Growing: Plant arugula in the spring and fall, making sure it gets plenty of sun. It grows quickly, so you don’t have to wait long, especially in warmer climates.
Taste: Less tannic than their fully grown counterparts, baby beet greens make for a delicate, beautiful salad green. Even when young, their telltale magenta vein makes them notable.
Growing: Two for the price of one, beet greens host a beetroot below the soil, which can be harvested at a later date. Varieties of beets with the tastiest leaves include ‘Bull’s Blood,’ which produces gorgeous purple leaves, and ‘Lutz Green Leaf,’ which produces a green leaf with a magenta vein (like red chard).
Taste: Baby spinach has a soft yet robust taste that blends well in any dish, from pasta to grilled cheese to your morning smoothies.
Growing: Start straight from seeds as soon as the ground thaws, into the summer, and, in warmer regions, the fall. Be sure to use a nutrient-rich soil for the healthiest, most delicious baby spinach.

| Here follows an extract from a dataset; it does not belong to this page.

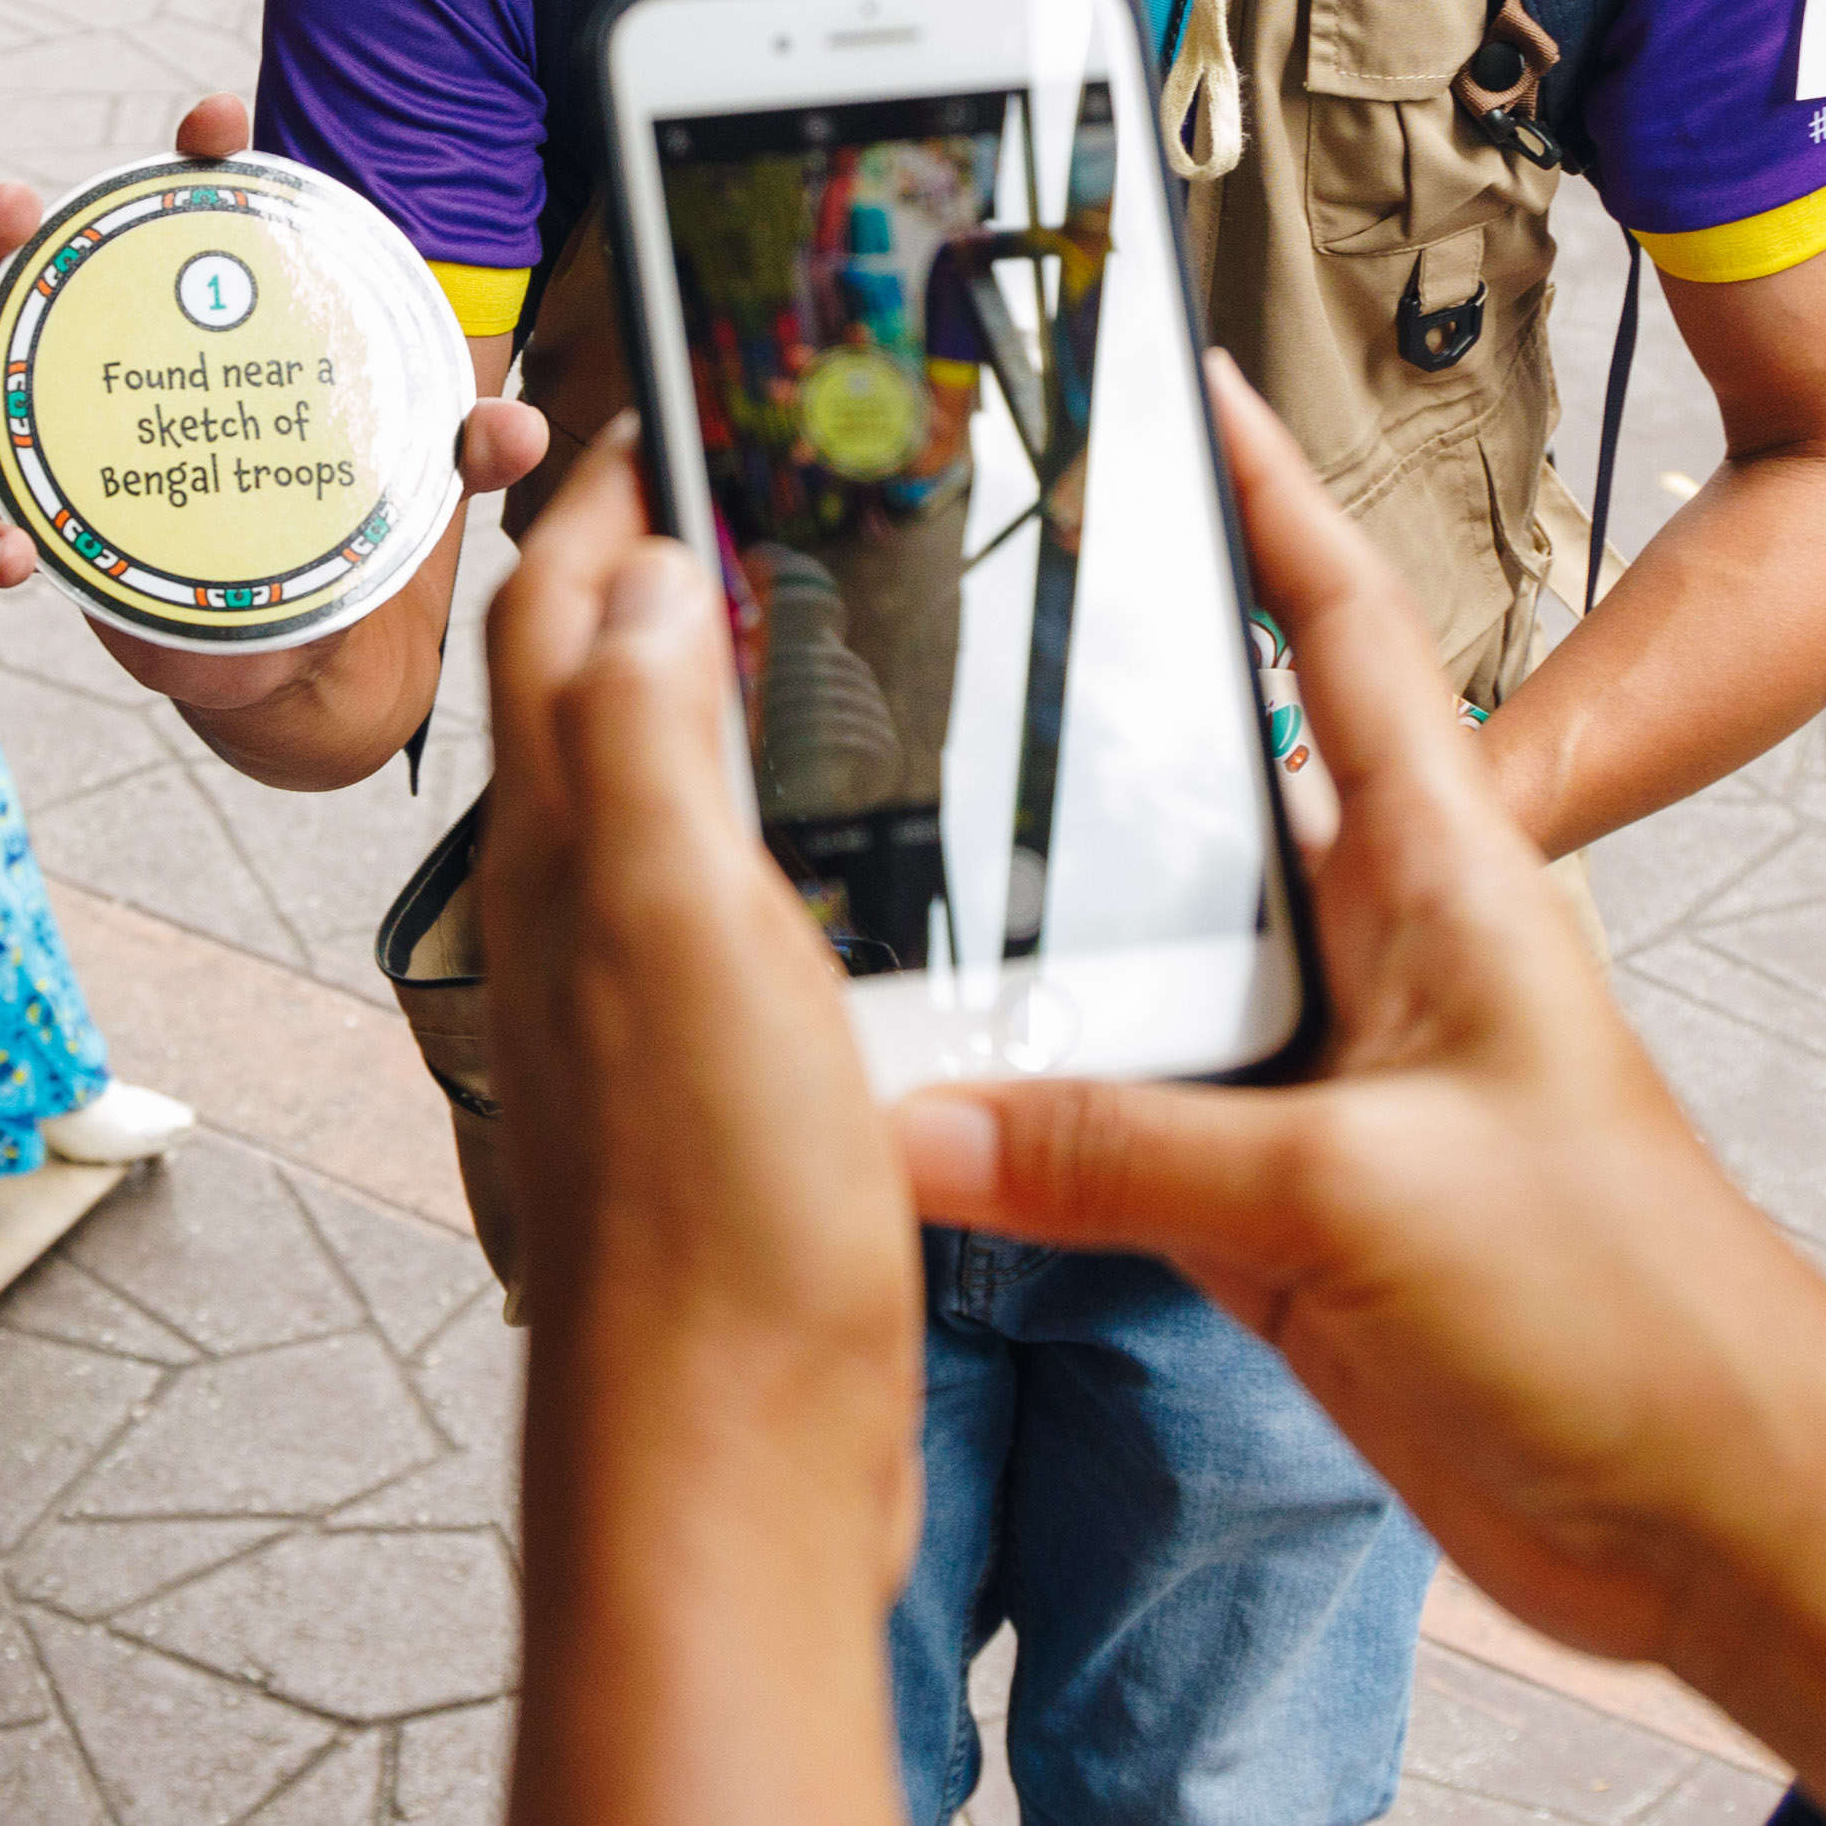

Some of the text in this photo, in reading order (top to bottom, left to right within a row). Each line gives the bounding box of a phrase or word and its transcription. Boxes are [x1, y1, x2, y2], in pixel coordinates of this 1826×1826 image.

[207, 274, 226, 310] 1
[102, 351, 335, 394] Found near a
[138, 400, 310, 448] sketch of
[100, 452, 356, 508] Bengal troops

Taste: Also called Bibb or Boston lettuce, butter lettuce is the ultimate “cuppy” green. Tender, smooth (like butter), and sweet, it’s agreeable to all.

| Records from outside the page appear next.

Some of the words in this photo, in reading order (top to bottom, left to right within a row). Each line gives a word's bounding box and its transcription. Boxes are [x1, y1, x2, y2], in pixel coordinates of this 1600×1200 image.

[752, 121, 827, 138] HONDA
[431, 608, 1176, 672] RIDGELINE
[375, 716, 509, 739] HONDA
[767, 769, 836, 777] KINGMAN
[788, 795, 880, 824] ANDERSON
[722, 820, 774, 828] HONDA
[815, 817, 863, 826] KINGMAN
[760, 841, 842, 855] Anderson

Growing: Grow it from seed in a container or straight in the garden; harvest when heads are still tender and petite, about the size of a softball.
Taste: Slightly bitter, this spiky green is best paired with a rich fat, such as olive oil, to round out its flavour.
Growing: Plant in the spring or summer, expecting to harvest in two to three months.
Taste: This specialty lettuce is a miniature version of romaine, but sweeter, more tender, and far cuter.
Growing: You can grow gem lettuce in spring, summer, fall, and, in warmer regions, early winter. It takes a month from seed and is resilient in many adverse growing conditions.
Taste: Slightly nutty with a quiet green taste, this leaf is most popular in Europe, but can be grown in many countries worldwide.
Growing: Plant mâche directly from seed to the garden in spring, summer, fall, and, in warmer regions, early winter. It follows a schedule, and requires a warmer climate similar to leafy herbs like basil.
Taste: Slightly spicy and mustardy, tatsoi is a Chinese mustard green that holds up well both raw and cooked. Try replacing bok choy in your stir-fry with tatsoi for something different this summer.
Growing: Germinate tatsoi seeds indoors before transplanting outdoors in the spring and fall. It likes a cooler climate but requires at least partial sun, making it a bit more challenging to grow than other lettuce varieties, though its taste makes it well worth the effort.